A Accenture revela no seu estudo Fjord Trends 2019 que as pessoas e as organizações estão a refletir sobre o que realmente pretendem, como resultado da explosão de desordem digital consequente de duas décadas de acelerado crescimento tecnológico e de inovação. Este relatório é uma previsão anual sobre o futuro dos negócios, da tecnologia e do design, que analisa o que as pessoas querem e valorizam e introduz um novo paradigma no design, colocando o valor humano novamente no centro da inovação.

Foco naquilo que realmente valorizamos

Anos de investimento em inovação deixaram os clientes inundados e sobrecarregados, em consequência das constantes exigências de tempo e atenção. Se antes ansiávamos novidade, excitação e gratificação instantânea, o que agora desejamos é maior tranquilidade e sentido de vida num mundo ruidoso. Pessoas e organizações refletem sobre o que realmente valorizam, rejeitando produtos e serviços que não atendem às suas necessidades – na verdade, mudando a natureza das nossas relações com a tecnologia e as marcas.

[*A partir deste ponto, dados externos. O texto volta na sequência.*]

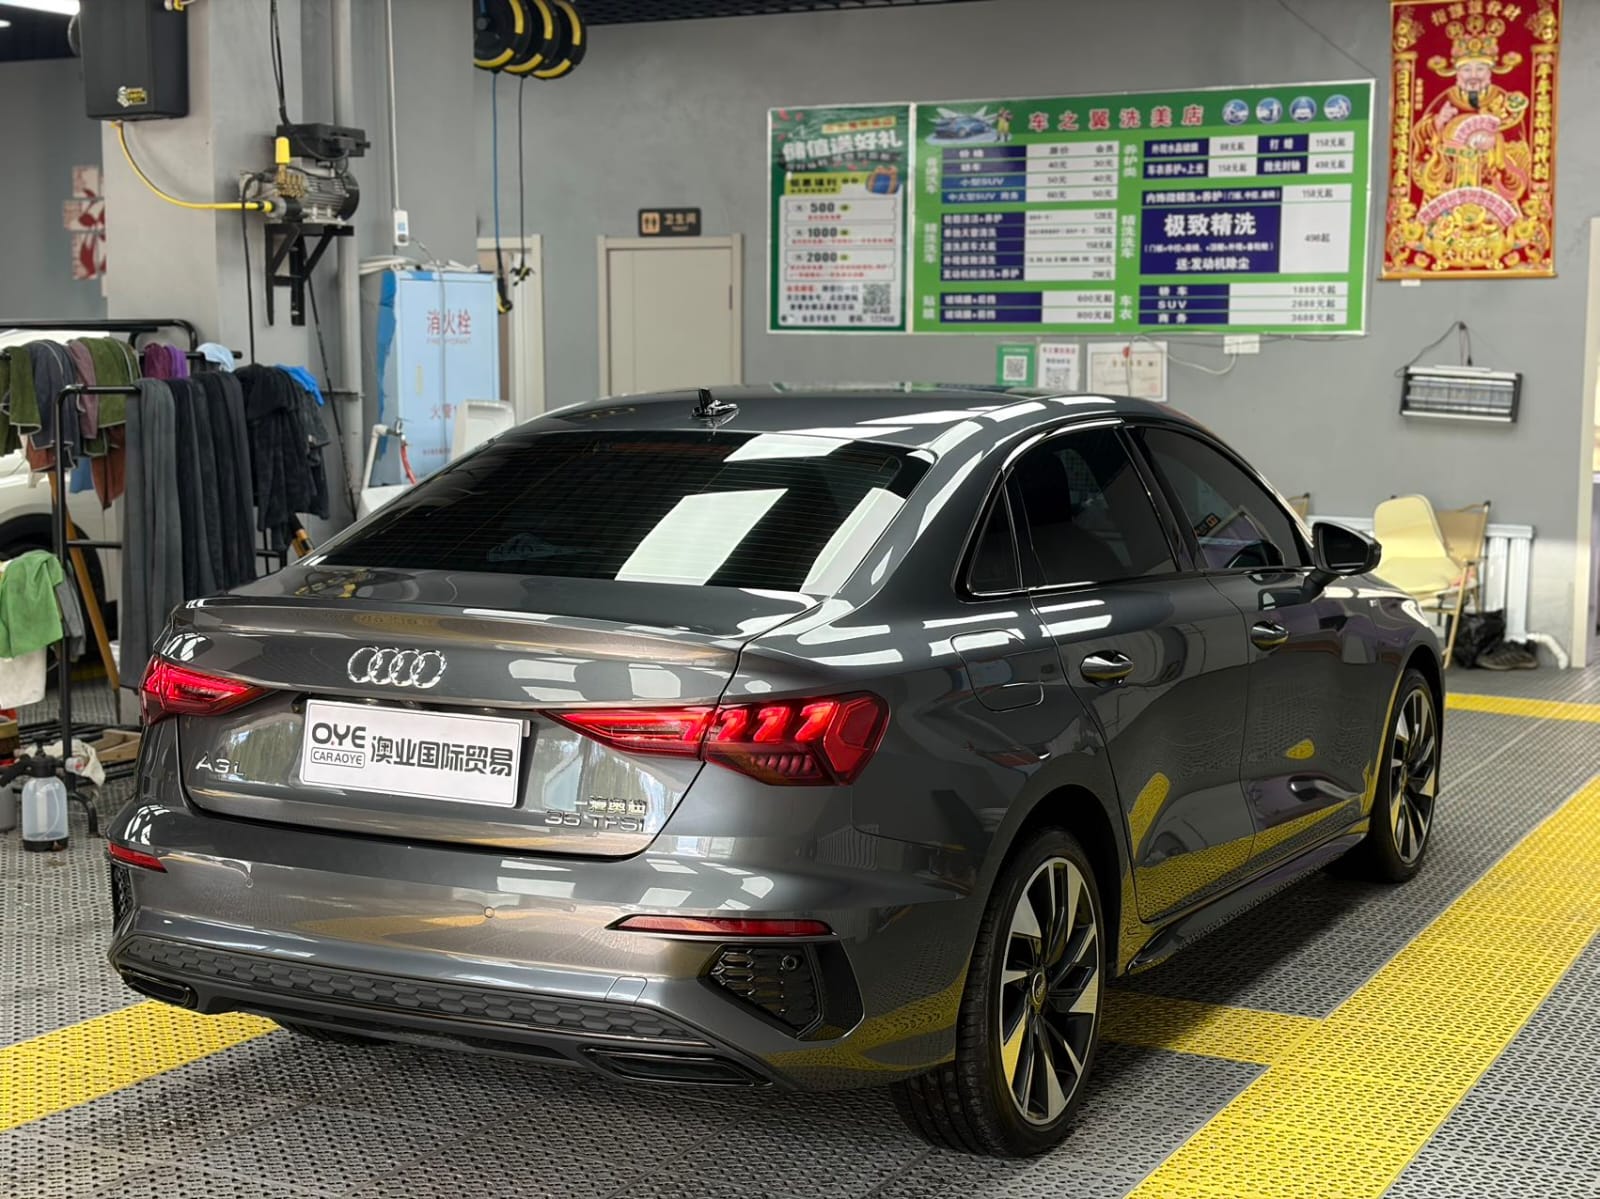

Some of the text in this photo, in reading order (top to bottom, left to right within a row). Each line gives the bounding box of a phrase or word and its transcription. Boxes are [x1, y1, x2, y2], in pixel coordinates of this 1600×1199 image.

[1029, 104, 1204, 131] 车之翼洗美店
[810, 203, 835, 213] 500
[664, 213, 697, 225] 卫生间
[1164, 211, 1256, 237] 极致精洗
[808, 227, 838, 238] 1000
[806, 252, 838, 262] 2000
[1158, 300, 1187, 309] SUV
[426, 308, 473, 336] 消火栓
[371, 735, 514, 777] 澳业国际贸易
[544, 809, 645, 832] 35 TFSI

Esta mudança de mentalidade tem grandes implicações e cria enormes oportunidades para as organizações inovarem na experiência de cliente, segundo o relatório. É tempo de fazer um balanço e repensar produtos, serviços e experiências que as pessoas realmente querem e valorizam.

Sete tendências que moldam a próxima geração

O relatório das Fjord Trends 2019 analisa sete tendências que devem moldar a experiência da próxima geração e disponibiliza conselhos práticos para as organizações se prepararem para as oportunidades futuras:

  1. Silence is gold: O sentimento de sobrecarga tornou-se um problema de saúde. Ao abraçar um design consciente, as marcas precisam encontrar formas de chegar aos seus consumidores que anseiam tranquilidade, num mundo ruidoso.
  2. The last straw?: Chega de conversa. As pessoas esperam que os produtos e serviços tenham uma estratégia de sustentabilidade e vão rejeitar aqueles que não a incorporem na sua missão.
  3. Data minimalism: Pessoas e organizações discordam sobre o valor dos dados pessoais. Será a transparência a chave para colmatar a lacuna?
  4. Ahead of the curb: De scooters elétricas a drones, a mobilidade urbana tornou as cidades no vale tudo. É hora de combater a desordem com ecossistemas unificados que atendam às necessidades em tempo real.
  5. The inclusivity paradox: 2019 tem sido um ano de alerta para a necessidade de ouvir diversas vozes. Mas como podemos comunicar para todos sem, inadvertidamente, excluir outros? As organizações devem ajustar o seu mindset para atender à procura por uma verdadeira inclusão.
  6. Space odyssey: Espaços de trabalho e retalho precisam de uma reforma digital. Está na hora de repensar as nossas abordagens e ferramentas para redesenhar espaços.
  7. Synthetic realities: Vivemos num mundo novo, no qual a realidade é produzida e sintética. A troca de rosto e a simulação de voz criam novas realidades mais verossímeis, que as empresas precisam de descobrir como capitalizar – e como gerir os seus riscos.